Every record below must be set down again exactly as given.

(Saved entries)
----
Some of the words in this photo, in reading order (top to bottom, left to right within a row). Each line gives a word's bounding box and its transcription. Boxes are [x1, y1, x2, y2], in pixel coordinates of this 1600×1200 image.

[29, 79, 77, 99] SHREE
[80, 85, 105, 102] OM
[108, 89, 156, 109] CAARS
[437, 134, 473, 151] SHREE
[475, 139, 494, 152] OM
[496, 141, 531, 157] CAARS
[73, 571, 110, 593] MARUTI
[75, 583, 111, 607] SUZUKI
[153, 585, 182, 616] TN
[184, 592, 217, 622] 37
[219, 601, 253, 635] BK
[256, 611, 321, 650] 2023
----
## ANSWER SECTION
Some of the words in this photo, in reading order (top to bottom, left to right within a row). Each line gives a word's bounding box and its transcription. Boxes are [x1, y1, x2, y2], in pixel coordinates of this 1600×1200 image.

[29, 79, 77, 99] SHREE
[80, 85, 105, 102] OM
[108, 89, 156, 109] CAARS
[437, 134, 473, 151] SHREE
[475, 139, 494, 152] OM
[496, 141, 531, 157] CAARS
[73, 571, 110, 593] MARUTI
[75, 583, 111, 607] SUZUKI
[153, 585, 182, 616] TN
[184, 592, 217, 622] 37
[219, 601, 253, 635] BK
[256, 611, 321, 650] 2023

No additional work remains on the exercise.